The Executive Summary Is Your First Impression -- and Often Your Only One

Investors spend an average of 3 minutes and 44 seconds on a business plan before deciding whether to keep reading or move on. That is not a guess -- it is data from DocSend's analysis of over 200 startup fundraising campaigns. The executive summary is what fills those critical first minutes.

For SBA lenders, the dynamic is similar. Loan officers review dozens of applications per week. A strong executive summary signals that the rest of the plan will be worth their time. A weak one creates skepticism that colors everything they read afterward.

The executive summary is the last section you should write but the first section readers see. Write it after every other section is complete so you can distill the strongest elements of your plan.

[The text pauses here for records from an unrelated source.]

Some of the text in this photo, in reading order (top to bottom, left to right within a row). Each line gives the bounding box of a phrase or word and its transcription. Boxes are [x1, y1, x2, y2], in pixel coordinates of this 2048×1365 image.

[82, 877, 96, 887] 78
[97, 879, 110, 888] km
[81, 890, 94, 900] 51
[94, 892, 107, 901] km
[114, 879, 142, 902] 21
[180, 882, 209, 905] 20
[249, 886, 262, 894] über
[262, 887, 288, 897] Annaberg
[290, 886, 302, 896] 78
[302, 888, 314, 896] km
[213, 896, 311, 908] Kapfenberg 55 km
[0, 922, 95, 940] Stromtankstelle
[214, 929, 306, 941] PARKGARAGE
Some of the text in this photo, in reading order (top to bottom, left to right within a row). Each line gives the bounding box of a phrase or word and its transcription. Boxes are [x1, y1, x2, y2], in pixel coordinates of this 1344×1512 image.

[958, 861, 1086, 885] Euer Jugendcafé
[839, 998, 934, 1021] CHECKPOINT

What Belongs in an Executive Summary

An effective executive summary follows a logical flow: problem, solution, market, traction, team, and ask. Here is how to structure each element.

1. The Problem (2-3 Sentences)

Define the specific problem your business solves. Avoid vague statements like "communication is inefficient." Instead, be concrete: "Small law firms spend an average of 8 hours per week on document formatting that could be automated, costing a 5-attorney firm roughly $40,000 annually in lost billable time."

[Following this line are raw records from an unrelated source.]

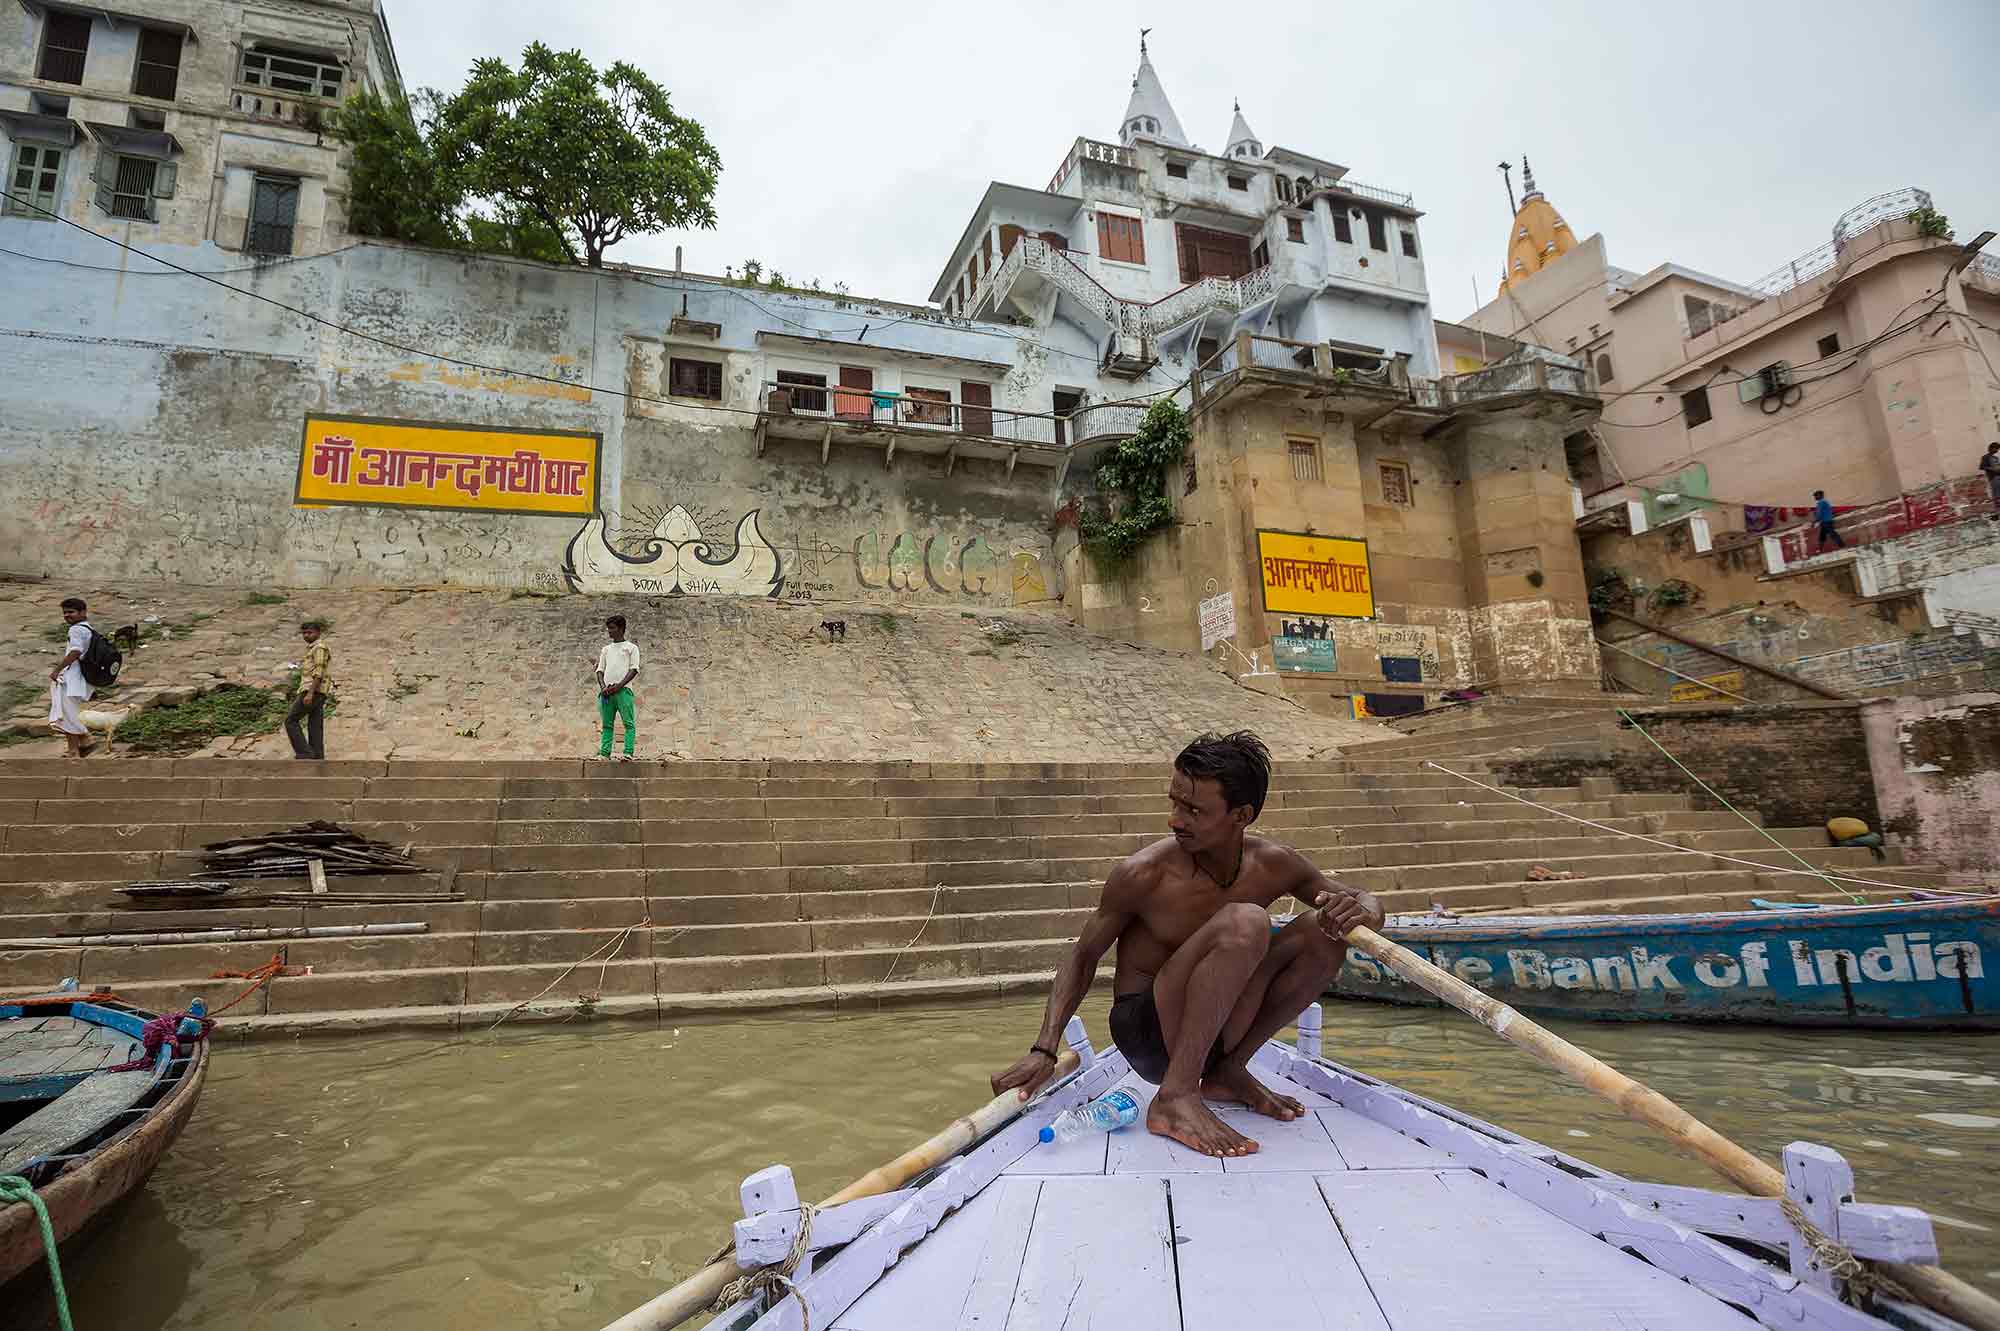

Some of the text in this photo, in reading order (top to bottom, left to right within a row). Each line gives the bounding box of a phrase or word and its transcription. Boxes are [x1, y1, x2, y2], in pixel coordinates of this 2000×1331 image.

[543, 460, 588, 496] घाट
[632, 578, 664, 592] BOOM
[1339, 563, 1369, 594] घाट
[1506, 946, 1680, 991] Bank
[1694, 941, 1770, 988] of
[1788, 932, 1985, 986] India
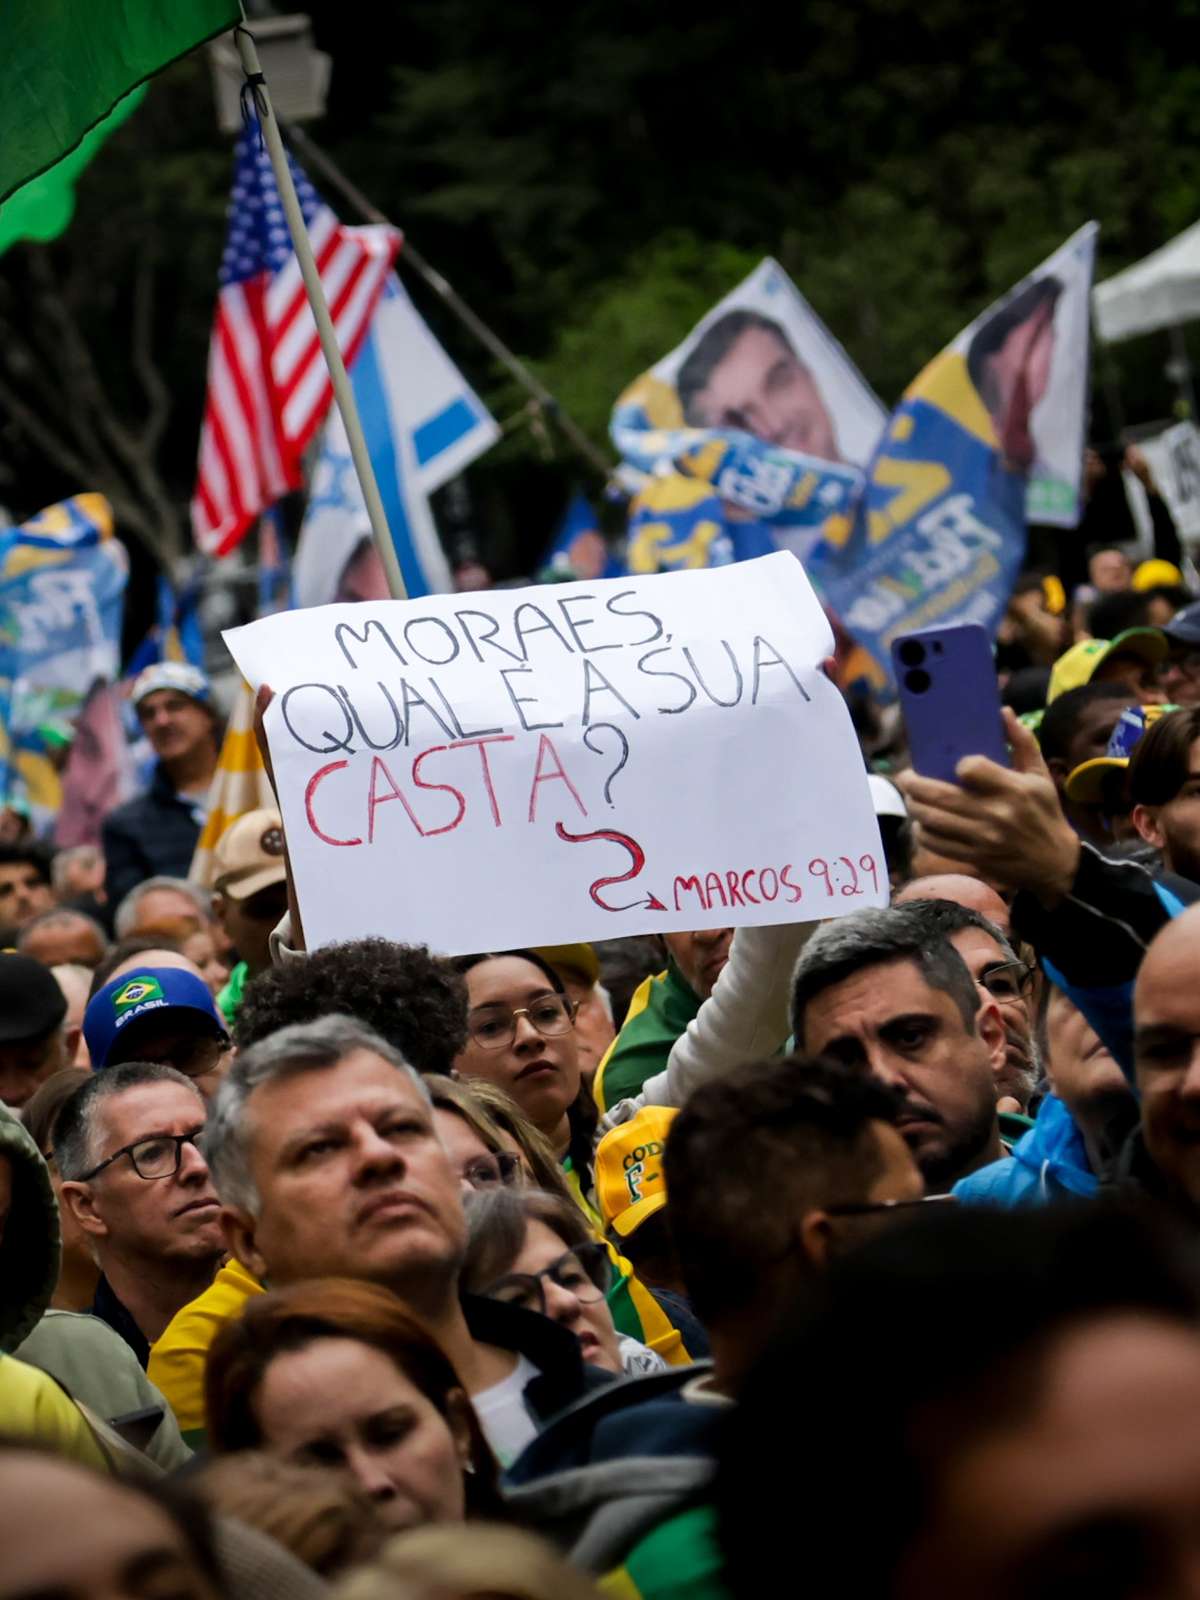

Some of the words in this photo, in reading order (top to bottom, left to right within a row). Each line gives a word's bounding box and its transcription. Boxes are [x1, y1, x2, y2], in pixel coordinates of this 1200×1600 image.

[334, 591, 673, 669] MORAES,
[281, 677, 504, 755] QUAL
[582, 658, 641, 726] A
[637, 635, 811, 714] SUA
[673, 864, 803, 912] MARCOS
[808, 854, 879, 897] 9:29
[115, 999, 169, 1028] BRASIL

The problem statement must resonate with your reader. If they immediately understand why this matters, you have their attention.

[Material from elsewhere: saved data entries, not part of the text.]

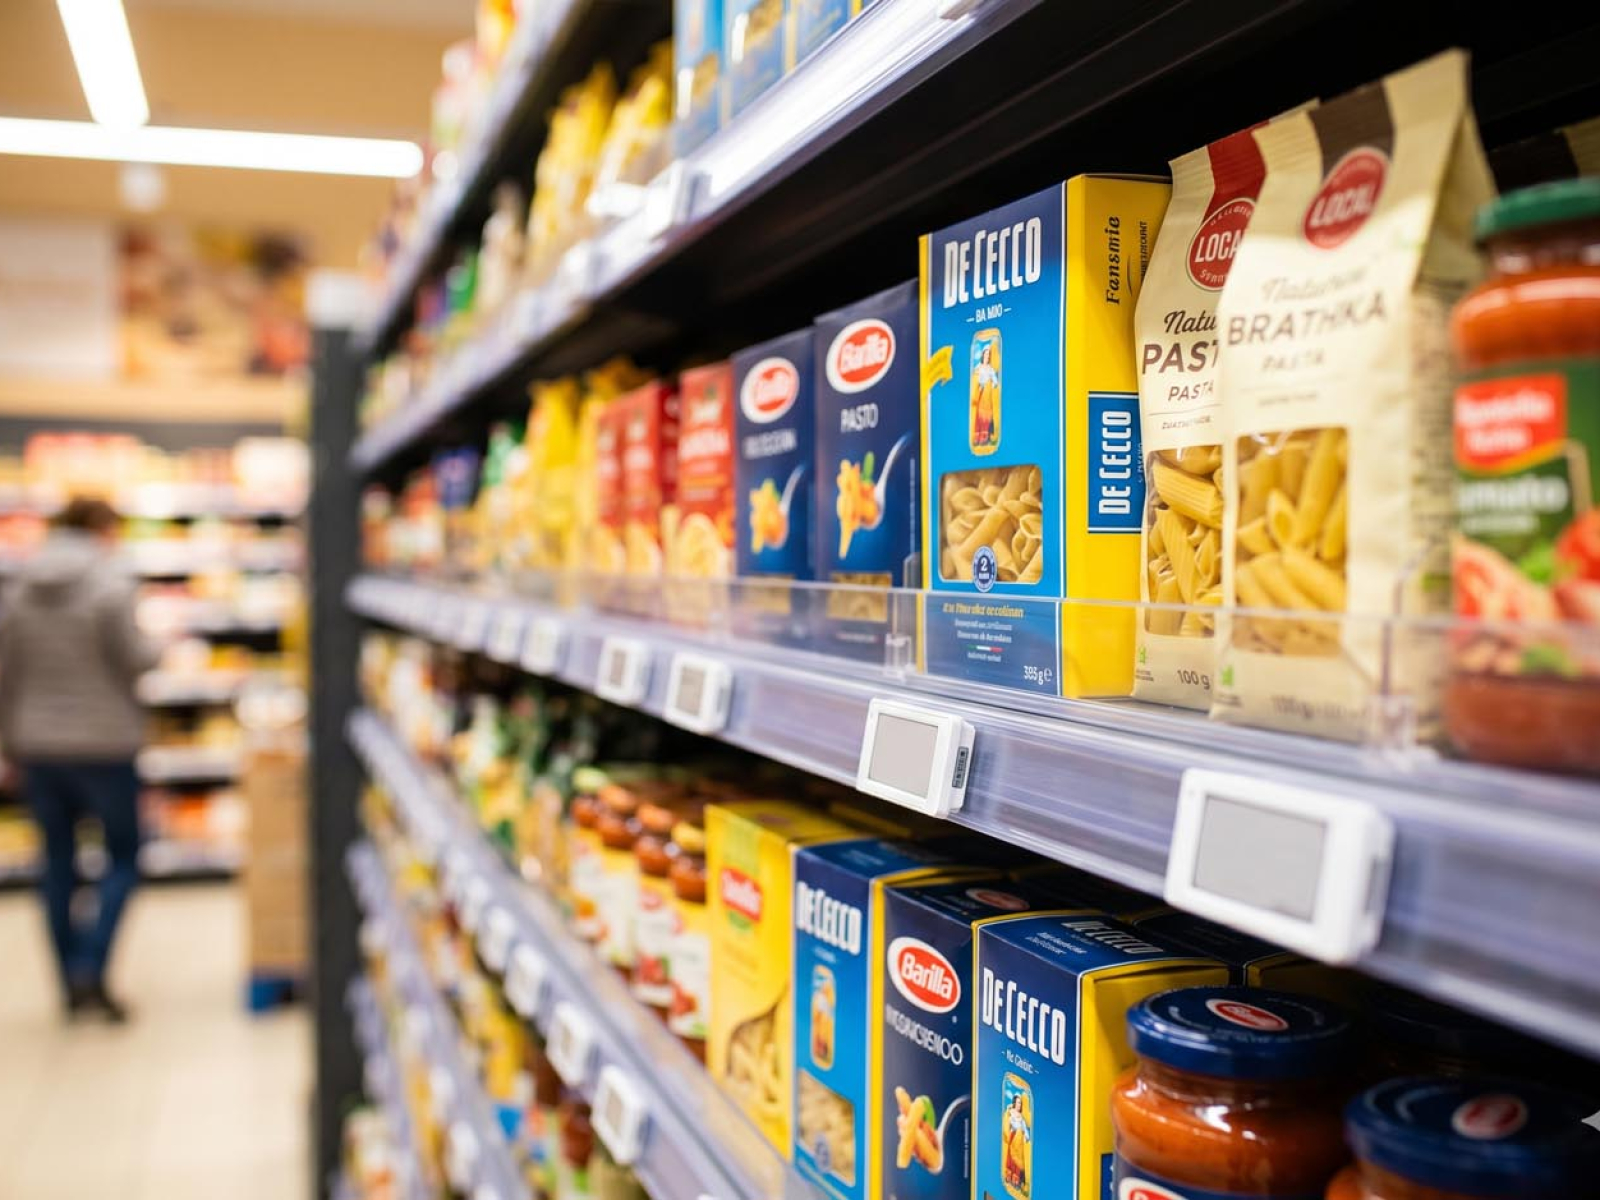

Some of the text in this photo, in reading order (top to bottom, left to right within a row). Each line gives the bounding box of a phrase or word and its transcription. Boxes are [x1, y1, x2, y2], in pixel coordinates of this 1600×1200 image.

[1309, 184, 1378, 227] LOCAL
[943, 216, 1042, 309] DE CECCO
[1194, 229, 1242, 263] LOCA
[1163, 309, 1217, 335] Natu
[1142, 339, 1219, 375] PAST
[1098, 410, 1132, 515] DE CECCO
[1177, 669, 1210, 690] 100 g
[814, 888, 863, 956] CECCO
[902, 952, 954, 1000] Barilla
[982, 966, 1067, 1067] DE CECCO

2. Your Solution (2-3 Sentences)

Describe what your business does in plain language. A good test: could someone with no industry knowledge understand your solution in one reading? Avoid jargon, acronyms, and technical details. Save those for later sections.

Include your unique value proposition -- what makes your approach different from existing alternatives. This is not about being "better" in a vague sense. It is about a specific, defensible advantage.

3. Market Opportunity (2-3 Sentences)

Summarize your target market size using the TAM/SAM/SOM framework (you will expand on this in your market analysis section). Lead with the addressable market figure, not the total market. Saying "the global software market is $600 billion" tells the reader nothing about your opportunity.

Instead: "There are 47,000 small law firms in the U.S. with 2-10 attorneys. At our price point of $200/month per firm, our serviceable addressable market is $113 million annually."

4. Business Model and Traction (3-4 Sentences)

How do you make money, and what evidence do you have that it works? For pre-revenue businesses, traction might be letters of intent, pilot program results, waitlist signups, or partnerships. For existing businesses, lead with your strongest metrics: revenue, growth rate, customer retention, or unit economics.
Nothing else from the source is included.